About what?What difference. . fuck. .
And I realize that Lena Sorenson’s soft voice is still droning on in my ear, though I can’t make out what she’s saying. I’m just so fucking livid at being dragged into all this bullshit. I’m responding with automatic “mmm’s” and “yeah’s.” I can’t talk to this maneuvering bitch. I need to think, so I put the phone down. I sit watching the other features, these Siamese twins again, and then I rise, drying myself properly and putting on a tee and some shorts.
A few moments later the intercom goes and I’m ready to bawl out this next stalking creep, probably that photographer asshole, but it’s Sorenson! Her voice is rendered metallic and scratchy by the device. — I jumped in the car and got here as soon as I could!

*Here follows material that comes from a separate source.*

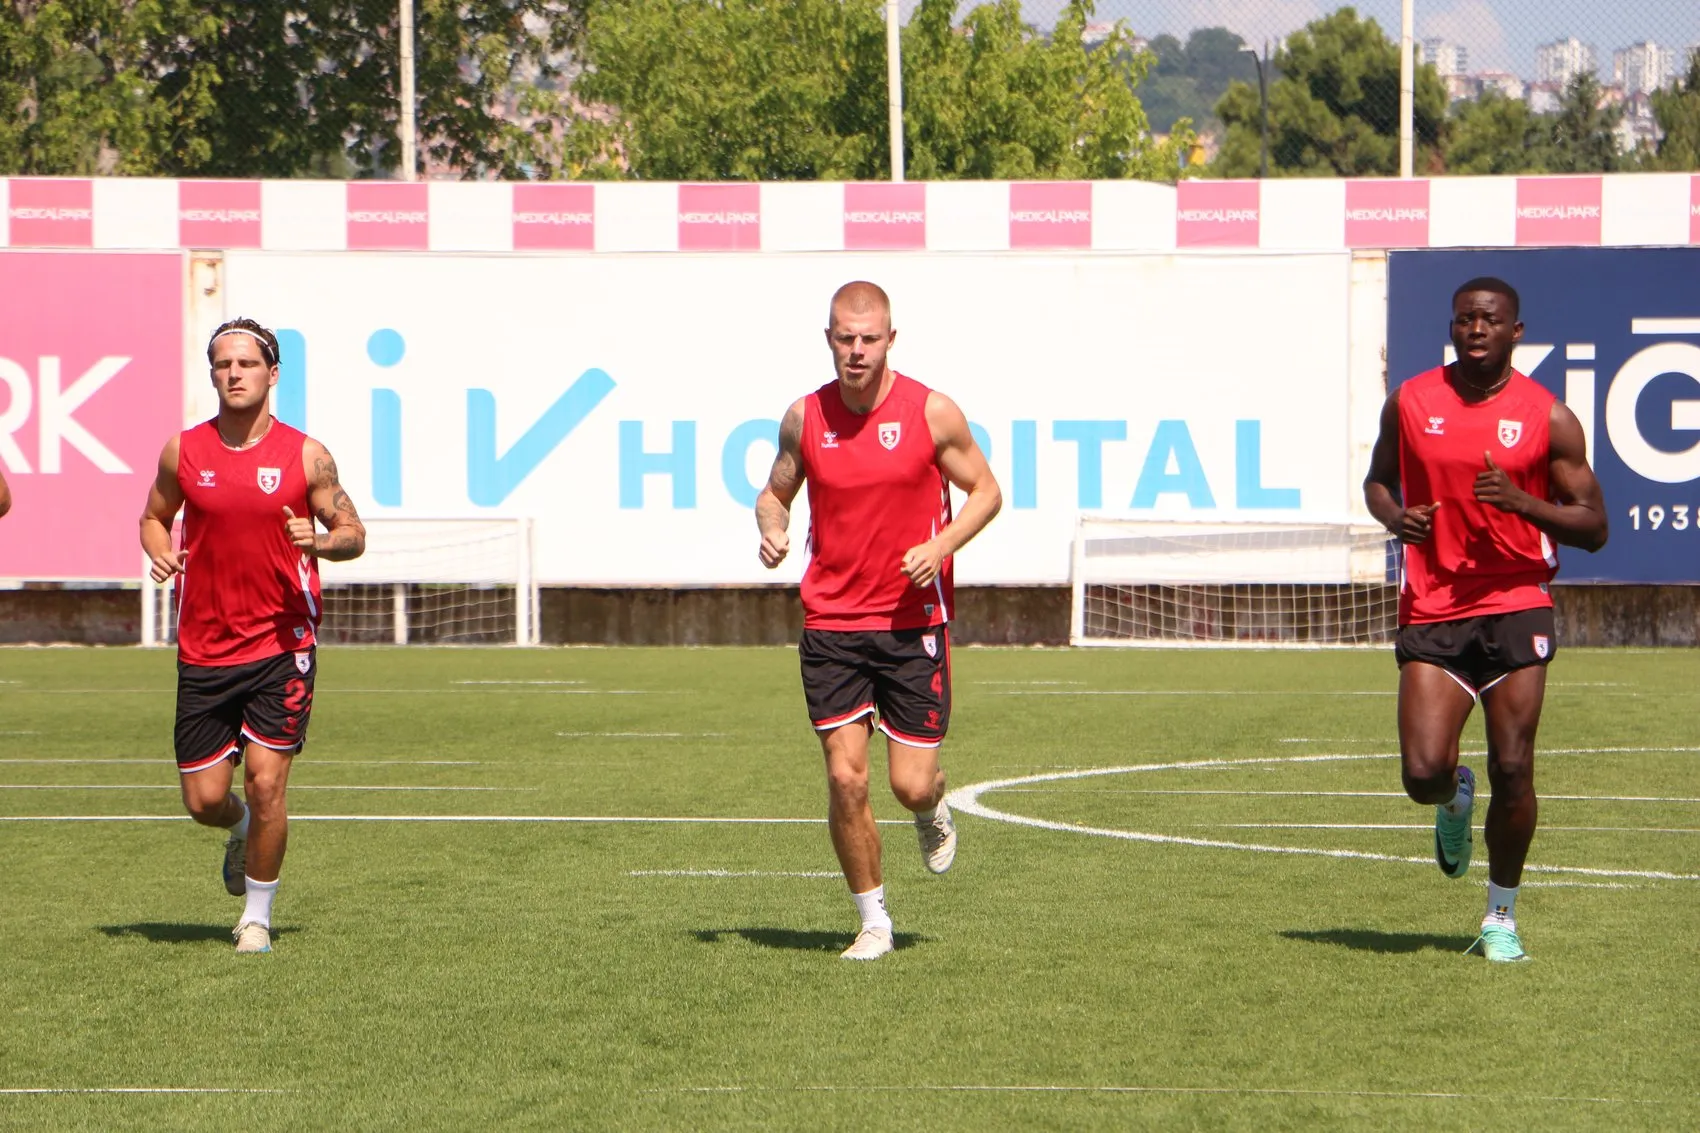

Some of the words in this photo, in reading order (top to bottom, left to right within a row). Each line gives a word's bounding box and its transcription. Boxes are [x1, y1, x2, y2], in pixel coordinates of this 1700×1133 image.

I don’t even recall agreeing to her coming here, but there’s nothing to do but buzz her in.
I open the front door to hear her slowly climbing the stairs. Sorenson, even smaller than I remember, swings into the corridor and waddles toward me. I move into the apartment, leaving the door ajar. She raps the door with her knuckles as she enters, looking around my tiny space in a slightly disparaging way. Then she says, — You’re gonna be under siege for a spell. Come over to my house, have some dinner. I feel so responsible, giving them that phone video. .
She’s right, that creep whose camera I busted wasn’t a straggler, he was the fucking vanguard. I need to get out of here and I’m fucked if I can think of any reason not to accept. I pull on some gym shoes and we get downstairs. Stepping outside, all I hear are insect clicks exploding around me like gunfire, and shouts. — LUCY! LUCY!

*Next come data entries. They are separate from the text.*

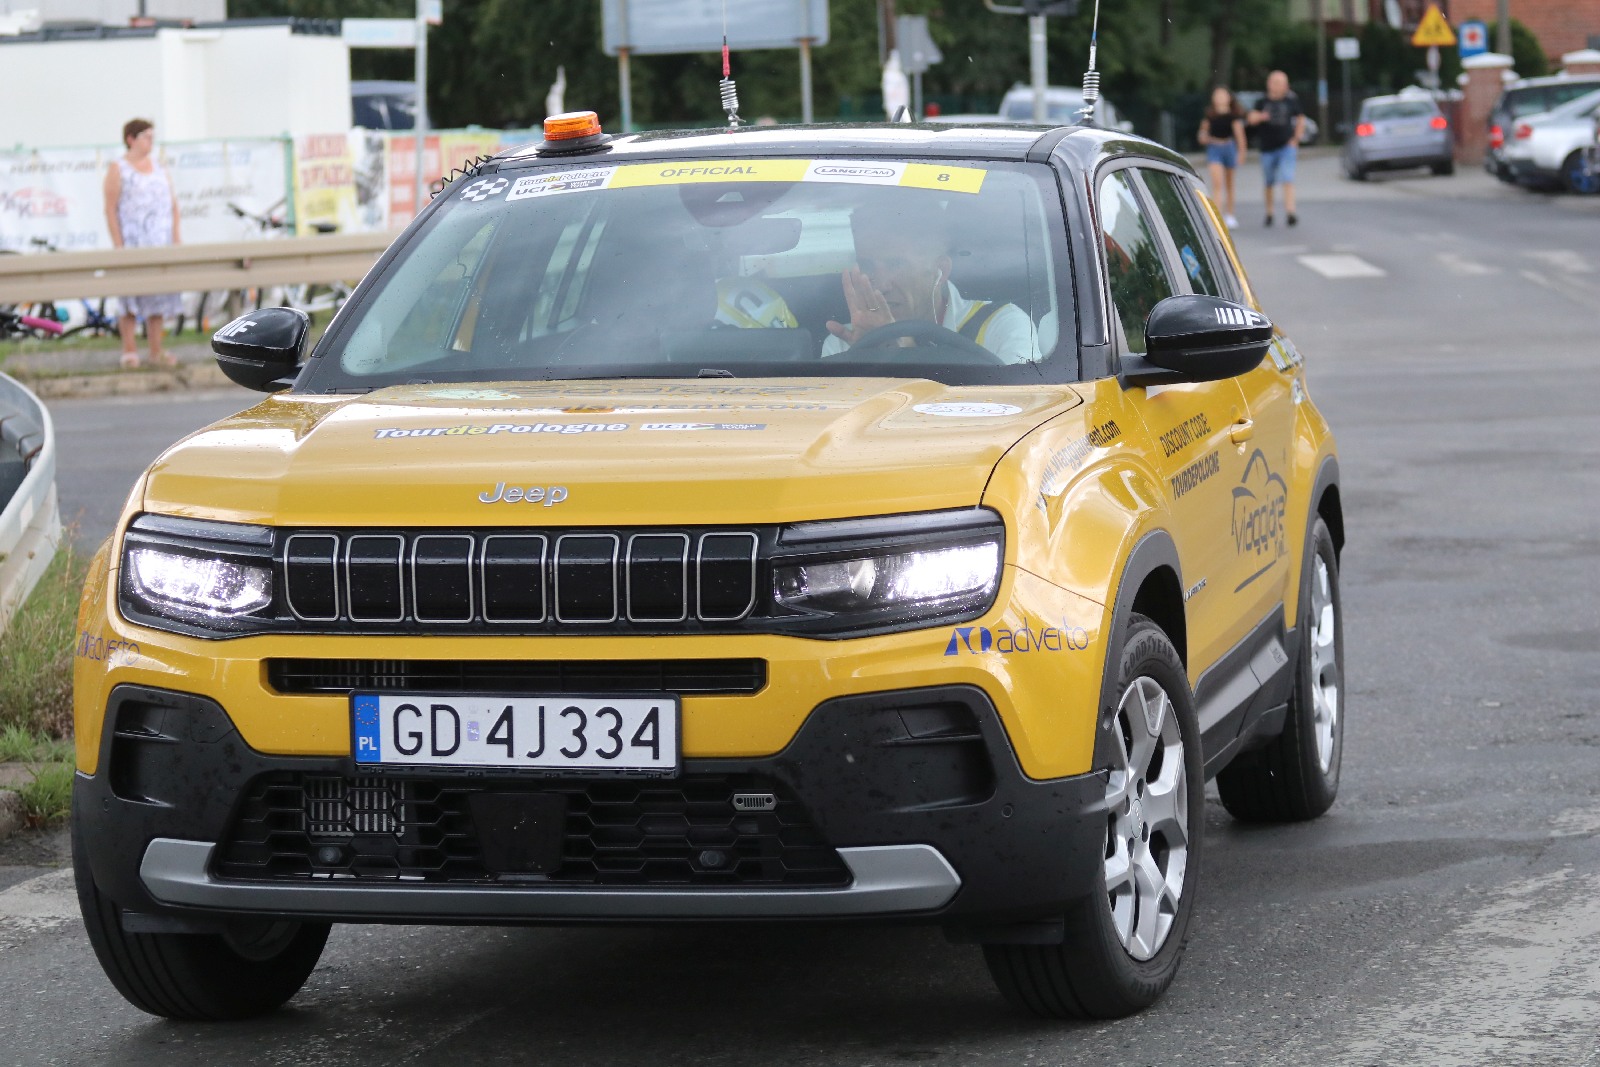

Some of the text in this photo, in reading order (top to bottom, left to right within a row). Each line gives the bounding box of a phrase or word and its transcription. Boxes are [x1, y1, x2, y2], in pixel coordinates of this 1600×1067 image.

[660, 166, 758, 178] OFFICIAL
[937, 173, 950, 182] 8
[515, 185, 546, 196] UCI
[374, 423, 628, 440] TourdePologne
[1159, 421, 1193, 458] DISCOUNT
[1171, 450, 1219, 500] TOURDEPOLOGNE
[478, 481, 568, 507] Jeep
[997, 616, 1089, 653] adverto
[393, 704, 660, 760] GD 4J334
[359, 737, 377, 751] PL

They’re all back! And the van for the TV news, fuck knows what channel, is already here! Sorenson did bring serious heat, and those politician assholes have turned it right back up! I want to double back to the apartment, but some bastards have sneaked round and positioned themselves between us and the front door. — Just wait a darn minute. . Sorenson protests feebly, sounding all schoolmarm under stress, as I see the rancid fuck whose camera I trashed, firing off a Kalashnikov round on a substitute device, with a zoom lens attached. At least there’s one asshole who knows not to get too close. — Ignore them, Lucy, Sorenson says, wide-eyed with fear, grabbing my hand, pushing through toward her car. The rest aren’t so shy; a buffed, tanned faggot of a reporter sticks his mike in my face and asks me, now that I know the story of McCandless and Ryan Balbosa and Timothy Winter, the two pedophiles, would I do the same thing again?